_TO DO_
Return all entries verbatim; skip any pictures.

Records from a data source
○ ○ ○ ○ ○

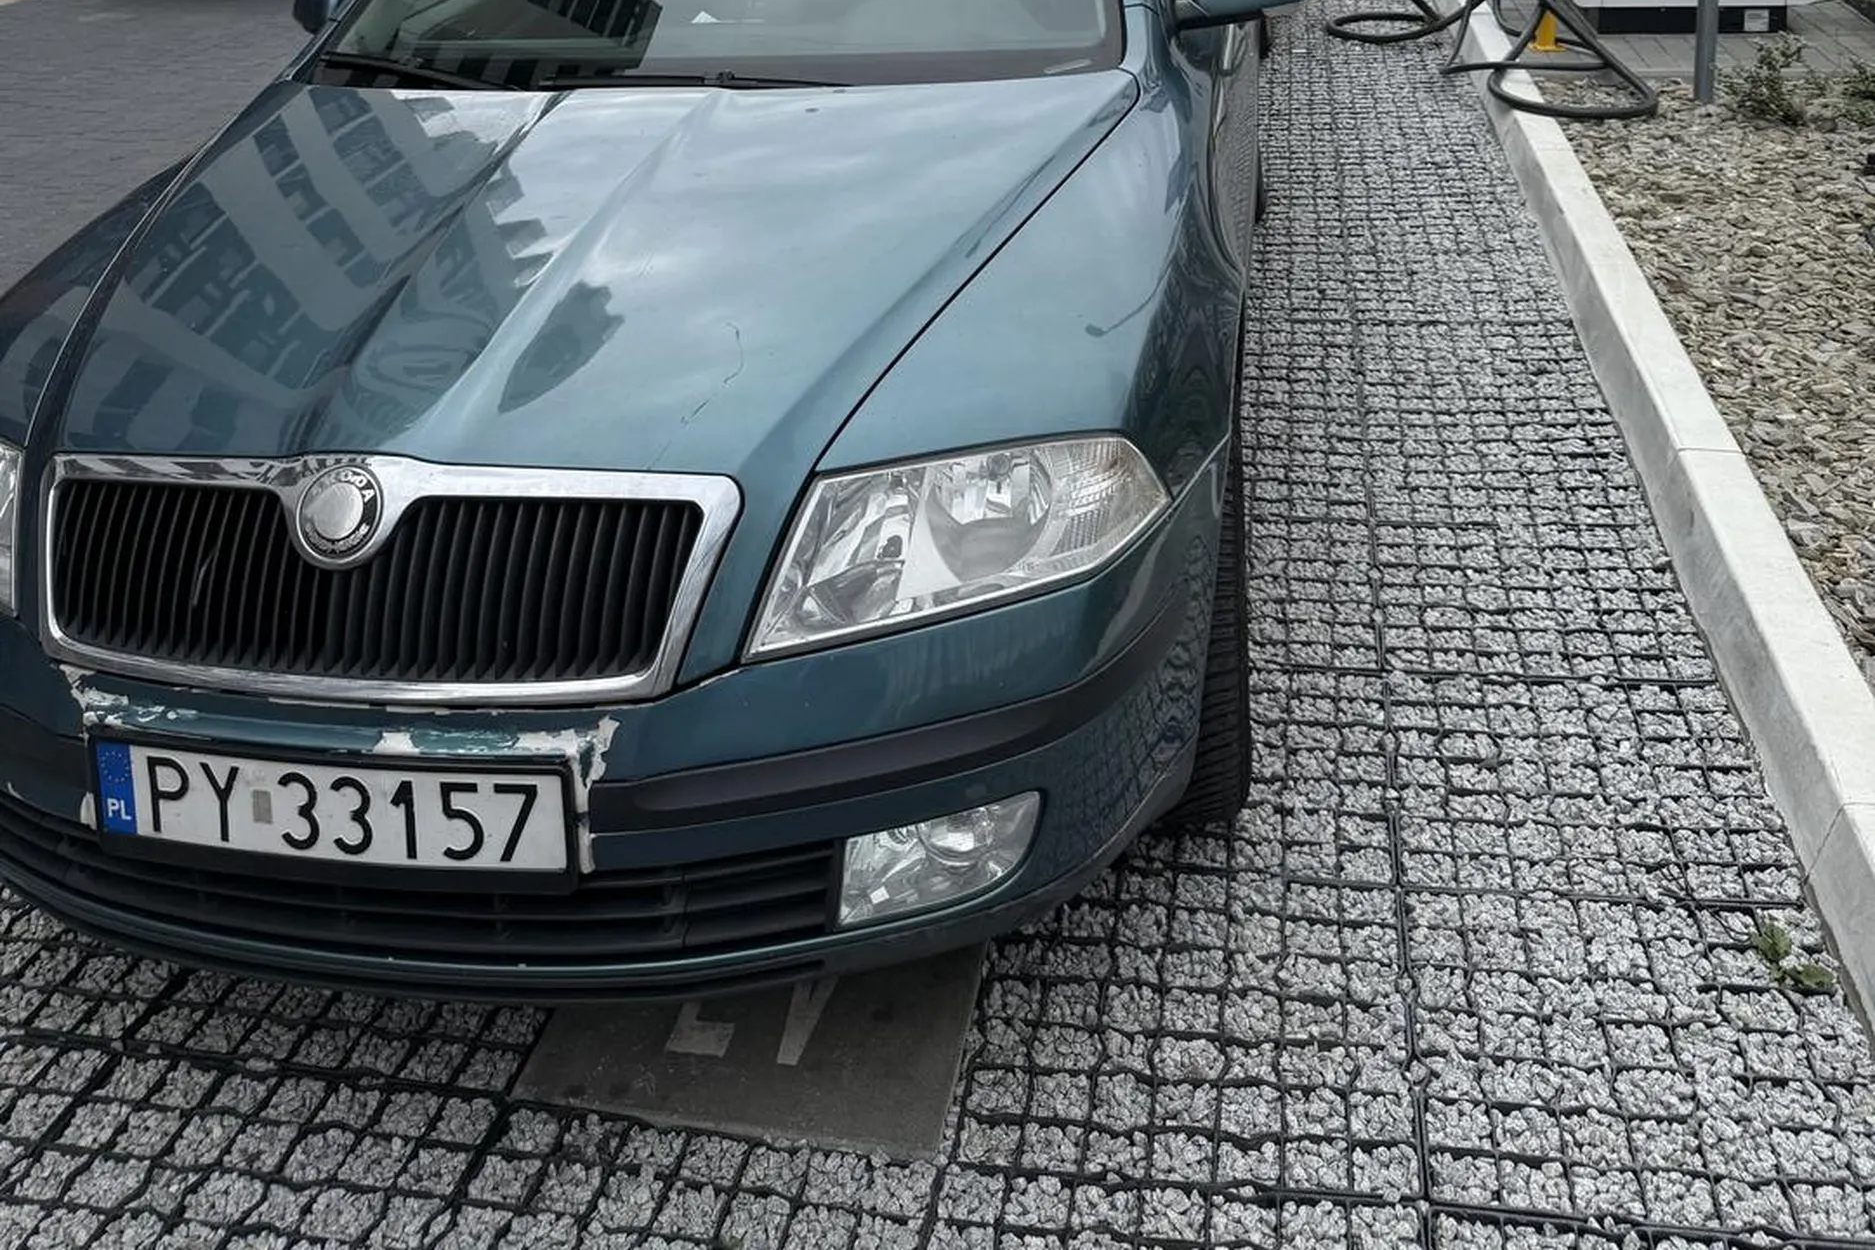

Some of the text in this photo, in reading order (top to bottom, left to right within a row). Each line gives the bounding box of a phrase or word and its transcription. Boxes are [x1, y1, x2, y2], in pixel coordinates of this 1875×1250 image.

[107, 799, 132, 821] PL
[145, 756, 537, 862] PY 33157
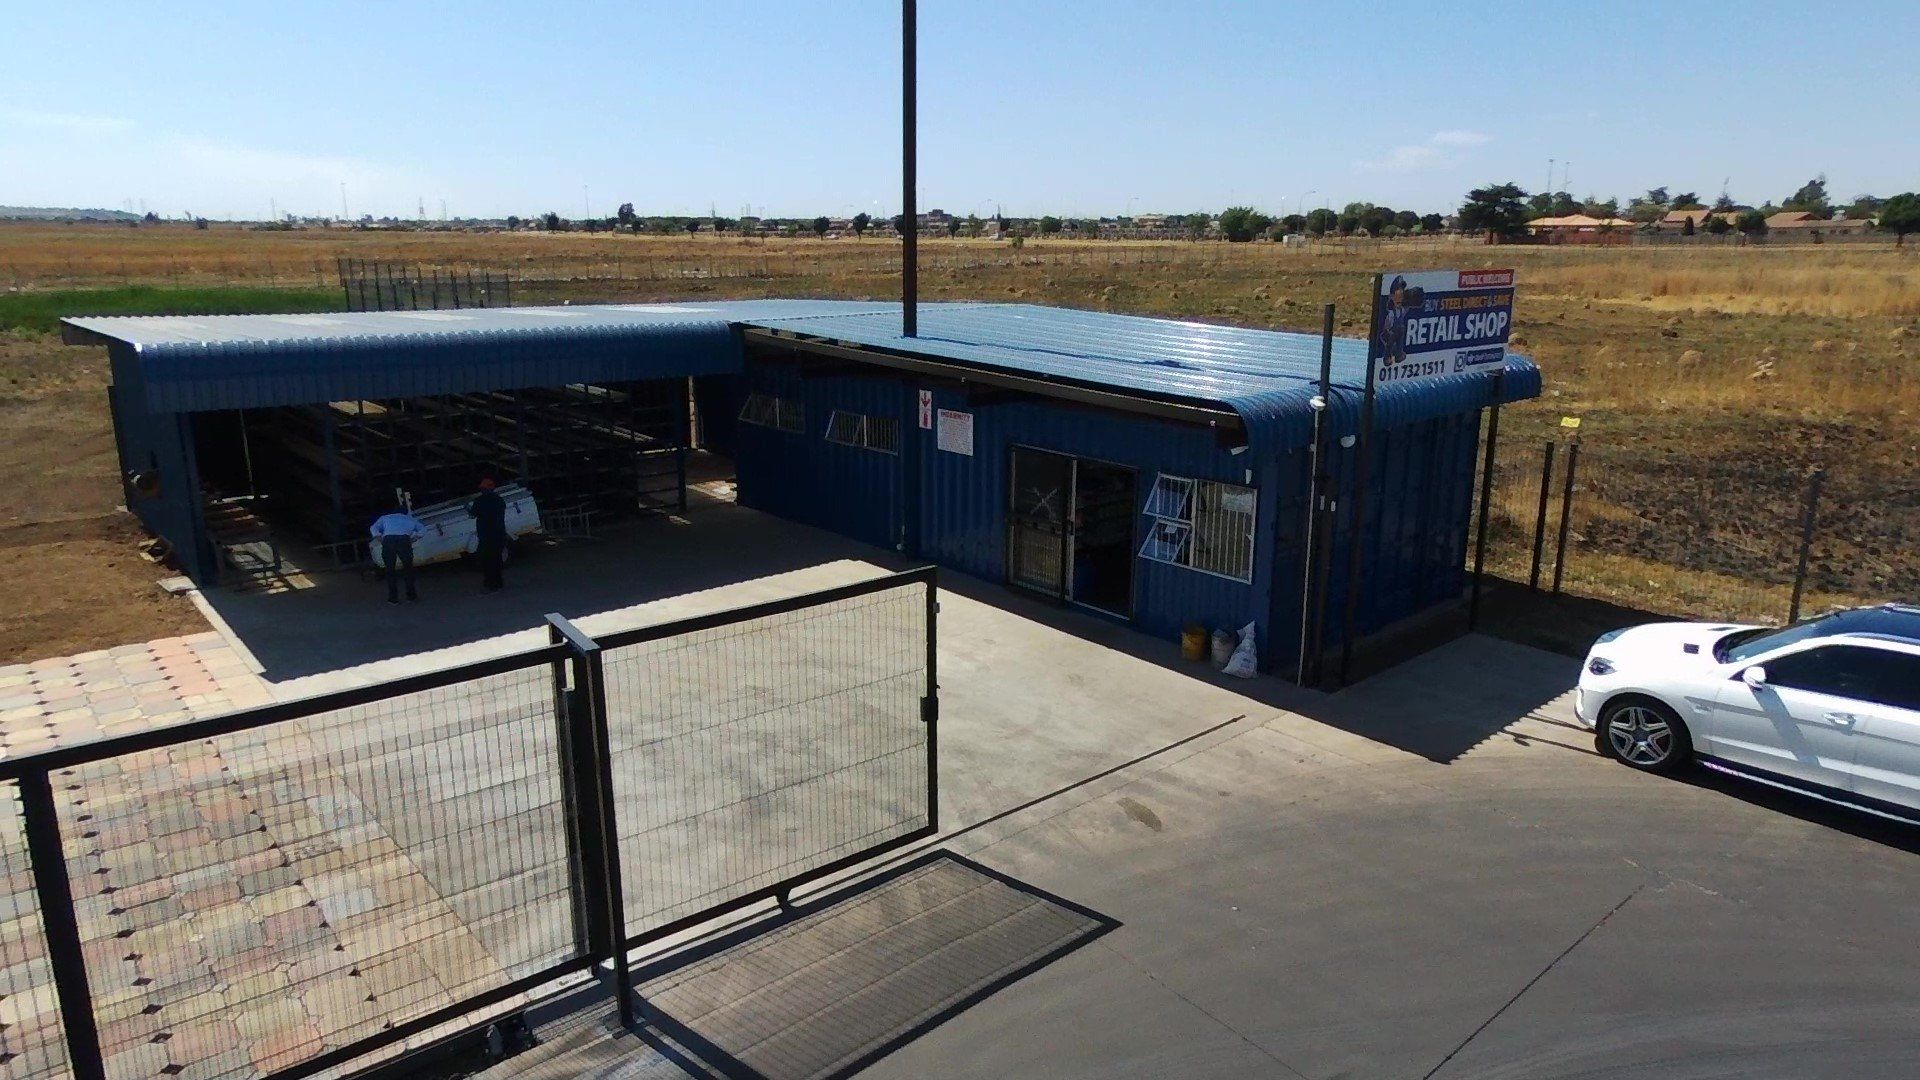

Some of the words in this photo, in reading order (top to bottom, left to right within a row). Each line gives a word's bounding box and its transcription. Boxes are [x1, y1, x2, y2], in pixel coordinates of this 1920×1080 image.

[1461, 274, 1483, 285] PUBLIC
[1483, 273, 1511, 284] WELCOME
[1440, 297, 1461, 310] STEEL
[1405, 316, 1462, 346] RETAIL
[1464, 311, 1508, 340] SHOP
[1379, 366, 1398, 381] 011
[1422, 360, 1445, 376] 1511
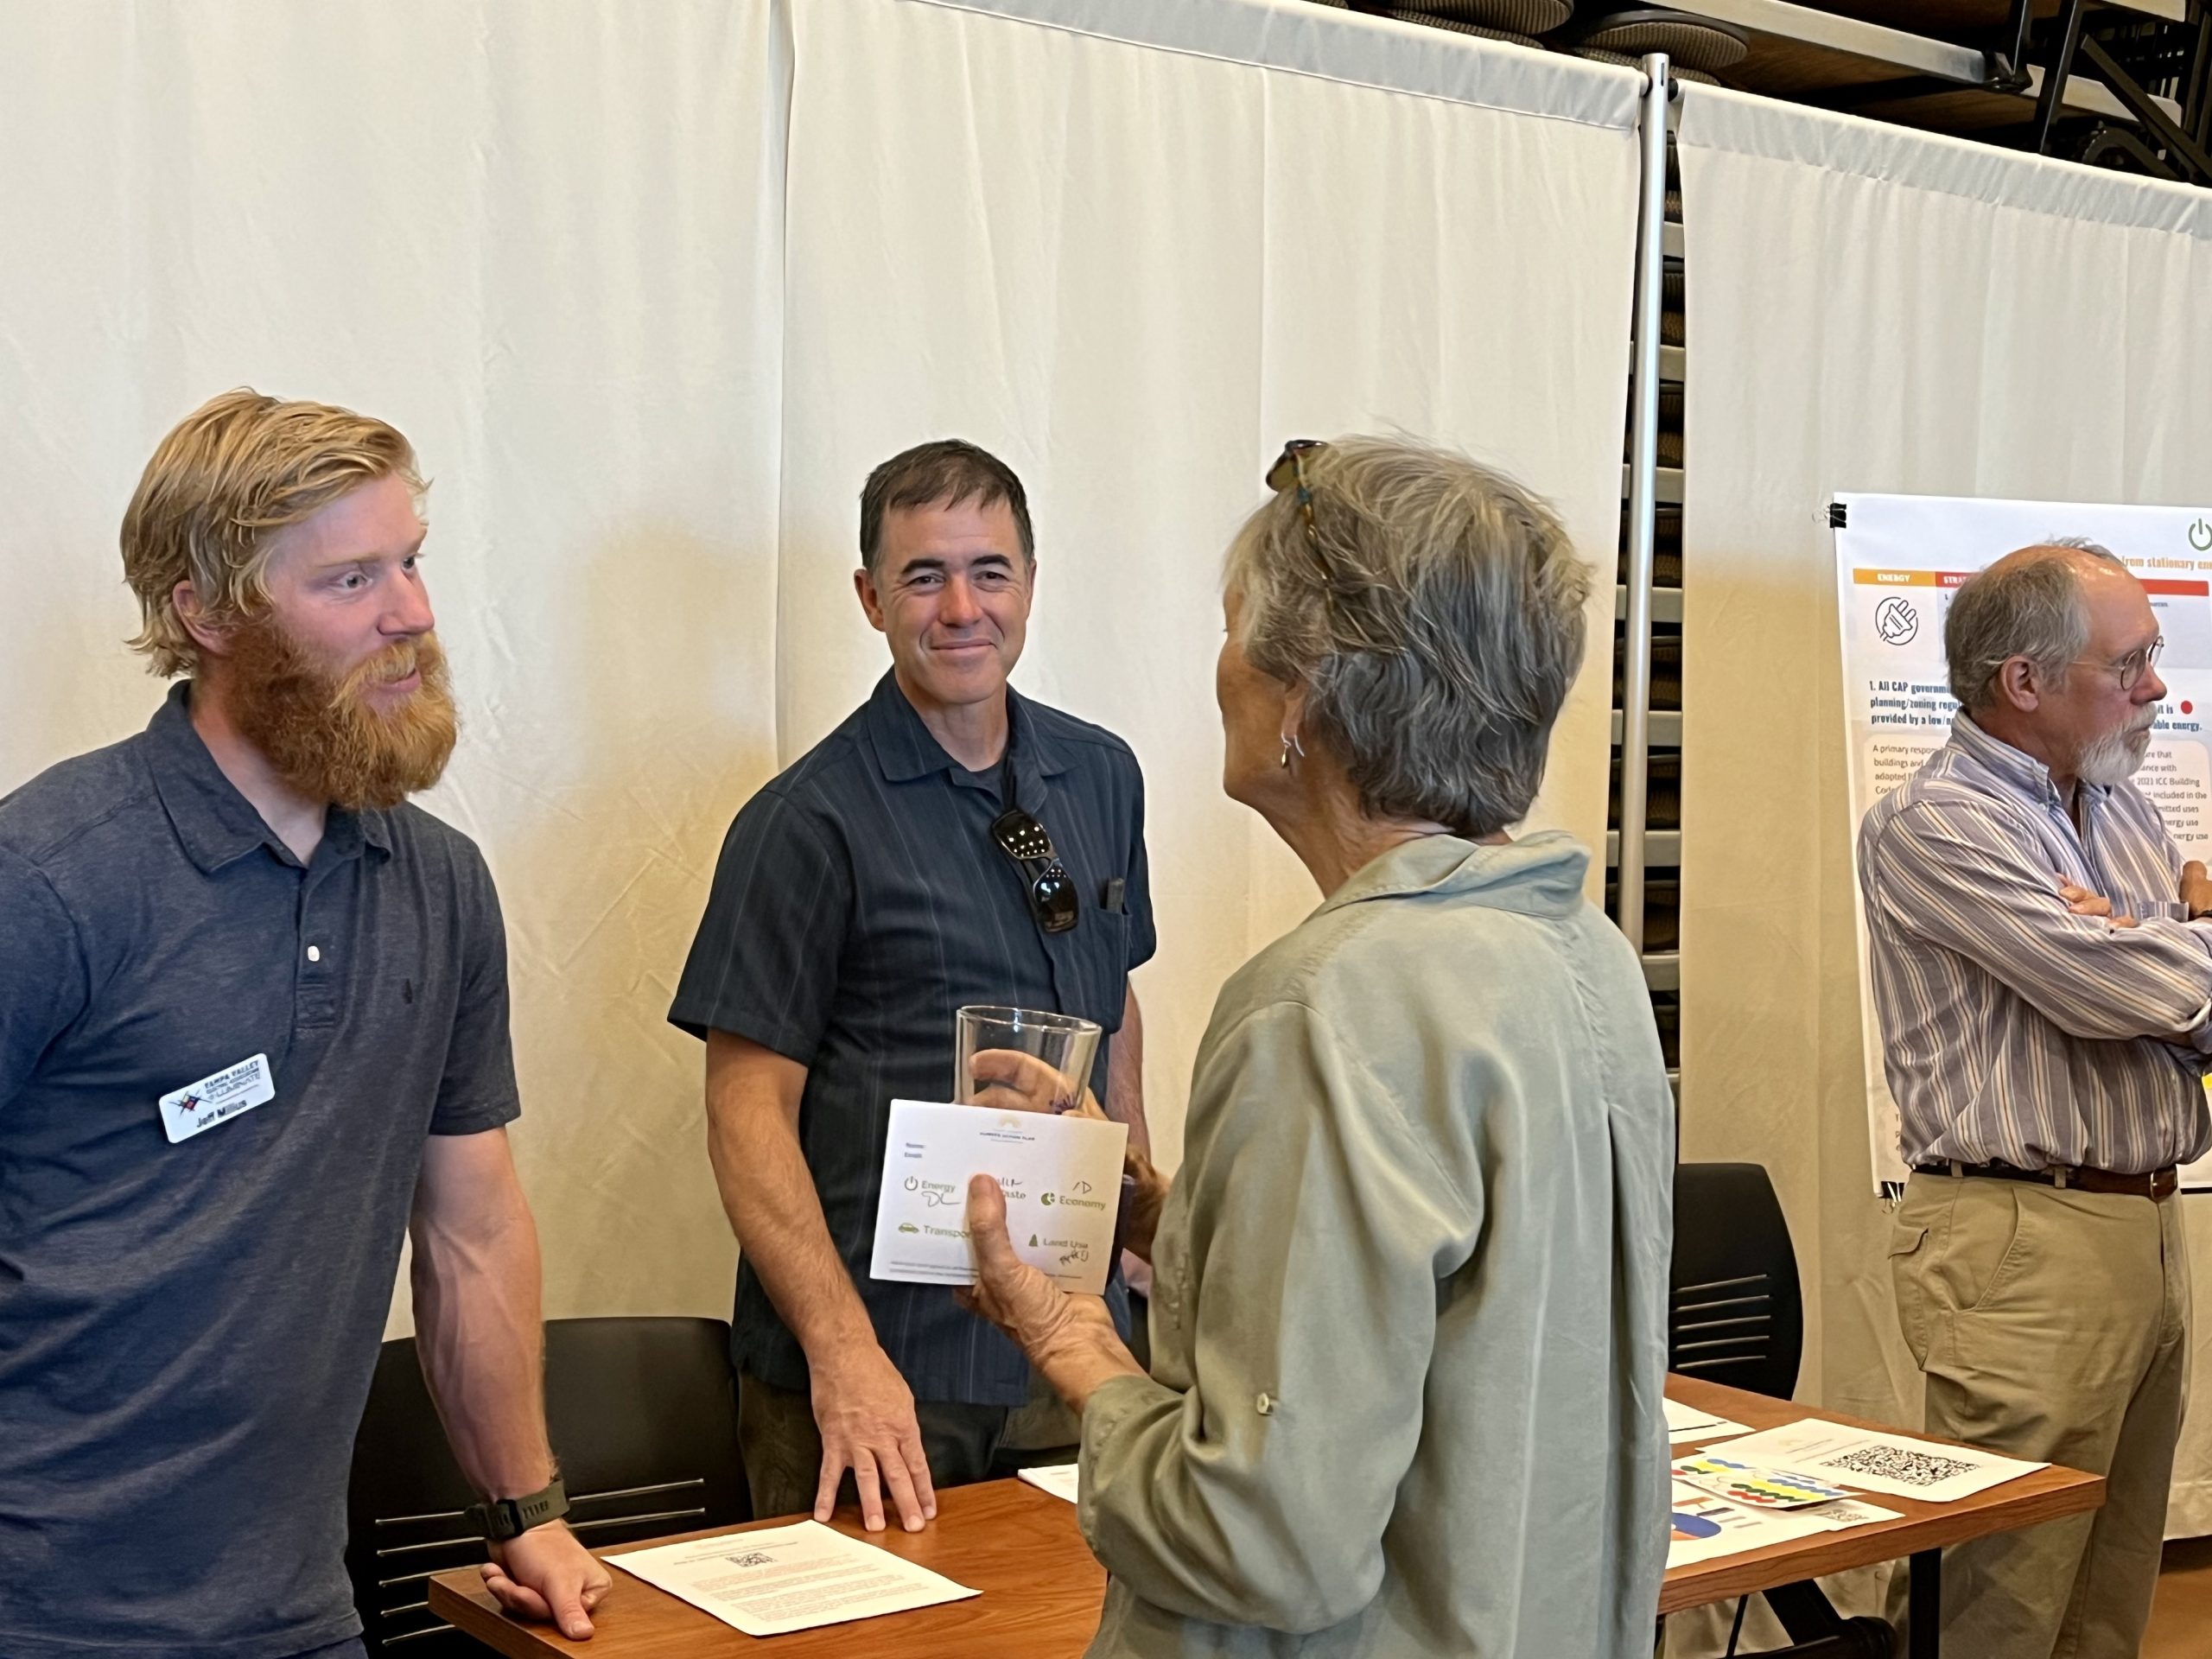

○ ○ ○ ○ ○

_TASK RESULT_
Some of the text in this photo, in reading order (top to bottom, left to right within a row). Each line gives the bounding box of a phrase or word and its transcription. Boxes are [x1, y1, x2, y2], in pixel coordinates of this 1875×1250 image.

[107, 799, 132, 821] PL
[145, 756, 537, 862] PY 33157

Some of the words in this photo, in reading order (top to bottom, left to right within a row). Each line gives a word's bounding box and its transcription. Boxes are [x1, y1, x2, y2], in pixel coordinates of this 1920×1080 image.

[1461, 274, 1483, 285] PUBLIC
[1483, 273, 1511, 284] WELCOME
[1440, 297, 1461, 310] STEEL
[1405, 316, 1462, 346] RETAIL
[1464, 311, 1508, 340] SHOP
[1379, 366, 1398, 381] 011
[1422, 360, 1445, 376] 1511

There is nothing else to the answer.